La rappresentazione delle riserve di Einstein nei confronti della meccanica quantistica, fornita dall’apparente vincitore della contesa, cioè Bohr, è stata ripresa da alcuni tra i più influenti storici e filosofi della fisica, fino a diventare la tesi “ufficiale”. Soltanto in anni più recenti alcuni studiosi hanno sostenuto la necessità di riscrivere – o quantomeno di integrare – la storia dei rapporti tra Einstein e la fisica quantistica. In questa storia, l’importanza del confronto con Bohr resta fuori discussione. Gli argomenti einsteiniani, a sostegno della tesi dell’inadeguatezza della teoria quantistica come teoria fondamentale e definitiva, si sviluppano proprio nella contrapposizione con la versione di Bohr dell’interpretazione di Copenaghen. La versione ufficiale è però ben lontana dal rendere giustizia alle autentiche ragioni che sono alla base del dissenso di Einstein dalla dottrina poi risultata vincente, dal momento che per lungo tempo la maggioranza degli interpreti ha riservato un’attenzione molto maggiore ai resoconti di Bohr che non agli scritti stessi di Einstein.

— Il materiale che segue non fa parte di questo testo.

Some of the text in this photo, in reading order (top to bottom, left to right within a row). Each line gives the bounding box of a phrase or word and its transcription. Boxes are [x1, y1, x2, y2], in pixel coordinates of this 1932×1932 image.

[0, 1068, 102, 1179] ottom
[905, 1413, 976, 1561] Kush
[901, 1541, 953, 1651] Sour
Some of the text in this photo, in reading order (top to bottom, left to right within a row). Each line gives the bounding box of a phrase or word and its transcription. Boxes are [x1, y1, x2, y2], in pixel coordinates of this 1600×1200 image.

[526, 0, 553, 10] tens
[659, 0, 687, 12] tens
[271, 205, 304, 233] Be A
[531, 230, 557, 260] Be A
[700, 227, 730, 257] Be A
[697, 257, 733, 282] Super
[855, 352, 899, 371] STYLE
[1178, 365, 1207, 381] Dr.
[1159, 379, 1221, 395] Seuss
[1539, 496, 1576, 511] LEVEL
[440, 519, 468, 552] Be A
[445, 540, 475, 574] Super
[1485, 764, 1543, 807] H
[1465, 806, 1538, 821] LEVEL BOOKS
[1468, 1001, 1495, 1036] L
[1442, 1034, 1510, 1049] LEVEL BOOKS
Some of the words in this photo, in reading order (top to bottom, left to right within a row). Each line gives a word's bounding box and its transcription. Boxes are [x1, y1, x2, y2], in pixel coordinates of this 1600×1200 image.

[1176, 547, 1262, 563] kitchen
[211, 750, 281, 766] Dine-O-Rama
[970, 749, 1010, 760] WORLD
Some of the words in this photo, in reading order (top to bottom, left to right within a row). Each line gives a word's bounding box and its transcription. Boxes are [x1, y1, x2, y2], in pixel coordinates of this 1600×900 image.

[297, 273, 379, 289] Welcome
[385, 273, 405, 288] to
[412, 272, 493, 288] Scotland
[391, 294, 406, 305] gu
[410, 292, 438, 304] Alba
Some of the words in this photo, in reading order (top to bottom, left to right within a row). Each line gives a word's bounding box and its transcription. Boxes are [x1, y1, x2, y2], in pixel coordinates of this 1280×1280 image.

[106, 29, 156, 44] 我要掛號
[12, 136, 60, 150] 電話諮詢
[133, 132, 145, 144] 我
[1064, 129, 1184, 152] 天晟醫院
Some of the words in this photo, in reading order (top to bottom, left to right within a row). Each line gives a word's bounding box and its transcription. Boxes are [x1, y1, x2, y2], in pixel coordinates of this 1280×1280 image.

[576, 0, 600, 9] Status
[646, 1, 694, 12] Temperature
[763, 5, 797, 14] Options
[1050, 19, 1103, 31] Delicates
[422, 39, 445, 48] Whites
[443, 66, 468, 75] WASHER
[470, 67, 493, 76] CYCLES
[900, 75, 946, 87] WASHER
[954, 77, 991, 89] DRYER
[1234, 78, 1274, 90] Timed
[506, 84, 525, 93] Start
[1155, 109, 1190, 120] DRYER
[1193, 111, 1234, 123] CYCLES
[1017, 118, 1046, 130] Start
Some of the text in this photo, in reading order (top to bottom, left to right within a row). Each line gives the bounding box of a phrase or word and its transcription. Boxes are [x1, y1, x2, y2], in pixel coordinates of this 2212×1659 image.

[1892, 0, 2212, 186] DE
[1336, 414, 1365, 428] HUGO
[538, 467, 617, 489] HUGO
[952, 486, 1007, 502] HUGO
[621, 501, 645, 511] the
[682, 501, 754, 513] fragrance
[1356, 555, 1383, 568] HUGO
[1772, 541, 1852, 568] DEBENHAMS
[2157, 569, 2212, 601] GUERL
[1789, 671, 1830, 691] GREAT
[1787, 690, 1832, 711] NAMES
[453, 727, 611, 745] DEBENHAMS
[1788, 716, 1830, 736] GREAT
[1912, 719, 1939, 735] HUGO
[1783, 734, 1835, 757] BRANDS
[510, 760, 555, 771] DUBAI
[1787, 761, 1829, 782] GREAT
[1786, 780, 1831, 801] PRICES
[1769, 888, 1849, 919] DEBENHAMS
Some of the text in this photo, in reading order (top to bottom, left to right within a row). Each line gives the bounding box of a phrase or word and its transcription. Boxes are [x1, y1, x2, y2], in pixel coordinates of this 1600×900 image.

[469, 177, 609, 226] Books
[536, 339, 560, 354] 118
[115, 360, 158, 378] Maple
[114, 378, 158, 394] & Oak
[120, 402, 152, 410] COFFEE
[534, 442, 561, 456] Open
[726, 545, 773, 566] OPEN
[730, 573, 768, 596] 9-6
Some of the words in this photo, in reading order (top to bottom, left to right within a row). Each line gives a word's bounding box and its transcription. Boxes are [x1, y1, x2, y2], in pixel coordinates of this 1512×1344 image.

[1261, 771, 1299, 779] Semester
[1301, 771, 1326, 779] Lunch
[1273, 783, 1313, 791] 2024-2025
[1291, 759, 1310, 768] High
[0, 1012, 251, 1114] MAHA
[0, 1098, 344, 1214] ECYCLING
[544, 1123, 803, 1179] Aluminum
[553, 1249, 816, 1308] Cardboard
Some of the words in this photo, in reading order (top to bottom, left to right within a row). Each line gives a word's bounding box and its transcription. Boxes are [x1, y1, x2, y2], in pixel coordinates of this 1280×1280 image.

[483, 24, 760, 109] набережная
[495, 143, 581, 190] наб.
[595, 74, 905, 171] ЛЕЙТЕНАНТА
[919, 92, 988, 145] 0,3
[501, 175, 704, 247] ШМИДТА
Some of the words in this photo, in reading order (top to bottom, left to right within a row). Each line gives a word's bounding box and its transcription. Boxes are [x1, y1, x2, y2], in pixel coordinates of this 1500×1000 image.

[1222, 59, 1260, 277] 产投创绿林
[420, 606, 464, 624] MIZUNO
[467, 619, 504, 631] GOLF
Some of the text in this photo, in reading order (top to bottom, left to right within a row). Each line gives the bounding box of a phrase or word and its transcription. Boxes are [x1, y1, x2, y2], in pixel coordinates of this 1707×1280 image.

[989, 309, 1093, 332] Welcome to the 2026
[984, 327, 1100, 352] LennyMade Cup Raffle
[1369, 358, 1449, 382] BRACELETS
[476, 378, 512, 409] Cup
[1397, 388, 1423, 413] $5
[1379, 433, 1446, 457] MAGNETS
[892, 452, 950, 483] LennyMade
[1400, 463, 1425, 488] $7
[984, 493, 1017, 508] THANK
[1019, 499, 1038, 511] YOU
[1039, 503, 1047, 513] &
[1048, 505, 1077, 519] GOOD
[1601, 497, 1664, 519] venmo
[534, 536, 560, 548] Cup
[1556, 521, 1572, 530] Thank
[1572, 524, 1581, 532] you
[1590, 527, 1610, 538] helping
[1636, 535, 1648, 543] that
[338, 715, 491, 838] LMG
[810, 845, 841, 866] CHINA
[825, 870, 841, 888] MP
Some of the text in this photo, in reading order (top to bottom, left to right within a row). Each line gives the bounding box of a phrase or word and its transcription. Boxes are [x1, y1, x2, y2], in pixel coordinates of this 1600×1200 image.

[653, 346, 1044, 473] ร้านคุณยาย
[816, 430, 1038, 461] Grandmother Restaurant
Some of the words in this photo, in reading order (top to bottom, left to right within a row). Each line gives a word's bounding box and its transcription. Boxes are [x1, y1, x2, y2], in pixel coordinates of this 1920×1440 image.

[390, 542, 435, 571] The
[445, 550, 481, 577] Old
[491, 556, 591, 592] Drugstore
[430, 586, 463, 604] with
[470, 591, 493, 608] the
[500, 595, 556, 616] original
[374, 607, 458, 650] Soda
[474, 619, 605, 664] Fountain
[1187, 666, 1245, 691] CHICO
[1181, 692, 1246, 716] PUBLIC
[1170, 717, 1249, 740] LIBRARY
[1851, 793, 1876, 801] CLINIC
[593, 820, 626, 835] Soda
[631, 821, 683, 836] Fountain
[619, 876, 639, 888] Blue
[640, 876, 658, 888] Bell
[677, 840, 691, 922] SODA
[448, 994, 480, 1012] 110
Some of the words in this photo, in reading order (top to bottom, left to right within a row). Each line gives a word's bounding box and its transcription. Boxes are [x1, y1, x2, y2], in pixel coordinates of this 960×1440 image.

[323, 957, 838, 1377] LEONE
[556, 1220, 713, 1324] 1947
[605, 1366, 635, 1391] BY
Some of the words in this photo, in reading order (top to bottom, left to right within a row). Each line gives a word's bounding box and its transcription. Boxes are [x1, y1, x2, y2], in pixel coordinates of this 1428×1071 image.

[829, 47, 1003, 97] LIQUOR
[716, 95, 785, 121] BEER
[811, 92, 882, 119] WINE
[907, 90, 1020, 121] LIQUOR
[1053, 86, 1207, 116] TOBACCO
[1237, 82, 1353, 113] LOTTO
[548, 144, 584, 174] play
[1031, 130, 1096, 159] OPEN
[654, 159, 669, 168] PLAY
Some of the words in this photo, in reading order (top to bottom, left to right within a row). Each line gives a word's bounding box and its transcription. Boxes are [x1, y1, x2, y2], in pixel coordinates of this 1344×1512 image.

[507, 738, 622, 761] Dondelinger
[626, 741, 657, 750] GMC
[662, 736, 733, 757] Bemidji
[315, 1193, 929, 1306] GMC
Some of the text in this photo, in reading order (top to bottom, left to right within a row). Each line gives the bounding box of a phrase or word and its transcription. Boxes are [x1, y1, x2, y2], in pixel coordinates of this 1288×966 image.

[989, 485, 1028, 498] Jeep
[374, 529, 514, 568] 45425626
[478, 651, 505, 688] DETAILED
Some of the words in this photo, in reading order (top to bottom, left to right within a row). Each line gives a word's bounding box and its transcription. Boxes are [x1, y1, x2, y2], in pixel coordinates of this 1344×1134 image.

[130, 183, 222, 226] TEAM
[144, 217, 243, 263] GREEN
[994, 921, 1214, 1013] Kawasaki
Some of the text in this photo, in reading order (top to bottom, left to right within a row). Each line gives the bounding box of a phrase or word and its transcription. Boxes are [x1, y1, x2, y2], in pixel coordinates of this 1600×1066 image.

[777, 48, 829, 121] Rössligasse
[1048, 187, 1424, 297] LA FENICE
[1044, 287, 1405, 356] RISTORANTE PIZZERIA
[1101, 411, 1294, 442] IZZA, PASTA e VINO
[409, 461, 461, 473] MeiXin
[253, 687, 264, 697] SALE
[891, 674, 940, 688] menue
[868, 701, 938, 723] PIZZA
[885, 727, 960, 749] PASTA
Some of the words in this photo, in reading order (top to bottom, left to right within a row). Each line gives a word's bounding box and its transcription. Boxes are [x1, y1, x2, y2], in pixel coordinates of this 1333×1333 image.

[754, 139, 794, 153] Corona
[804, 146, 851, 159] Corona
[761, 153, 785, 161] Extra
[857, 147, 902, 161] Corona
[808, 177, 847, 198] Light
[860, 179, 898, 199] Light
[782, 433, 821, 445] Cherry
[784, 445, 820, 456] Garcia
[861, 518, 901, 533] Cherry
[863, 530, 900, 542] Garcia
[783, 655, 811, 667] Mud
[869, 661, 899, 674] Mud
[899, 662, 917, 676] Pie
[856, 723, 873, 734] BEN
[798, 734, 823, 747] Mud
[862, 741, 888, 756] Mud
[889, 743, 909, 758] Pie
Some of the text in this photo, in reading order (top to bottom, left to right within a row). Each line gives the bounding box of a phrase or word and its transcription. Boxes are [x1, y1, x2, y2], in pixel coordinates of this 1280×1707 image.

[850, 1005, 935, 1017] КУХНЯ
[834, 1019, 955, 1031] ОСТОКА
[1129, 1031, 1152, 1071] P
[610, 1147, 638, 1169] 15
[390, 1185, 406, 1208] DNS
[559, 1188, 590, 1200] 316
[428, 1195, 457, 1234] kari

La versione ufficiale sulla posizione di Einstein nel dibattito con Bohr può essere riportata come segue. La comparsa delle relazioni di indeterminazione di Heisenberg (febbraio 1927) avrebbe indotto Einstein, già scettico sugli aspetti irriducibilmente probabilistici della meccanica quantistica, a concentrarsi sul tentativo di costruire esperimenti mentali in grado di violare le relazioni di indeterminazione. Einstein avrebbe in questo modo perseguito l’obiettivo primario di dimostrare la contraddittorietà della meccanica quantistica. Tale obiettivo sarebbe stato abbandonato dopo la decisiva confutazione a opera di Bohr, formulata durante il Congresso Solvay del 1930. Non essendo riuscito a dimostrare la contraddittorietà della teoria, Einstein si sarebbe allora concentrato sull’obiettivo di dimostrarne l’incompletezza. Una particolare attenzione viene allora posta nel formulare un criterio di realtà che risulti indipendente dalle alterazioni prodotte dal processo di misurazione, proprio quelle alterazioni la cui inevitabilità aveva vanificato gli esperimenti mentali del 1927 e del 1930. Il prodotto di questi sforzi è naturalmente l’articolo scritto con Podolsky e Rosen nel 1935 (quello che contiene la prima formulazione del cosiddetto argomento EPR, sul quale ci soffermeremo più avanti), la replica al quale, scritta poche settimane dopo, avrebbe chiuso la partita in favore di Bohr.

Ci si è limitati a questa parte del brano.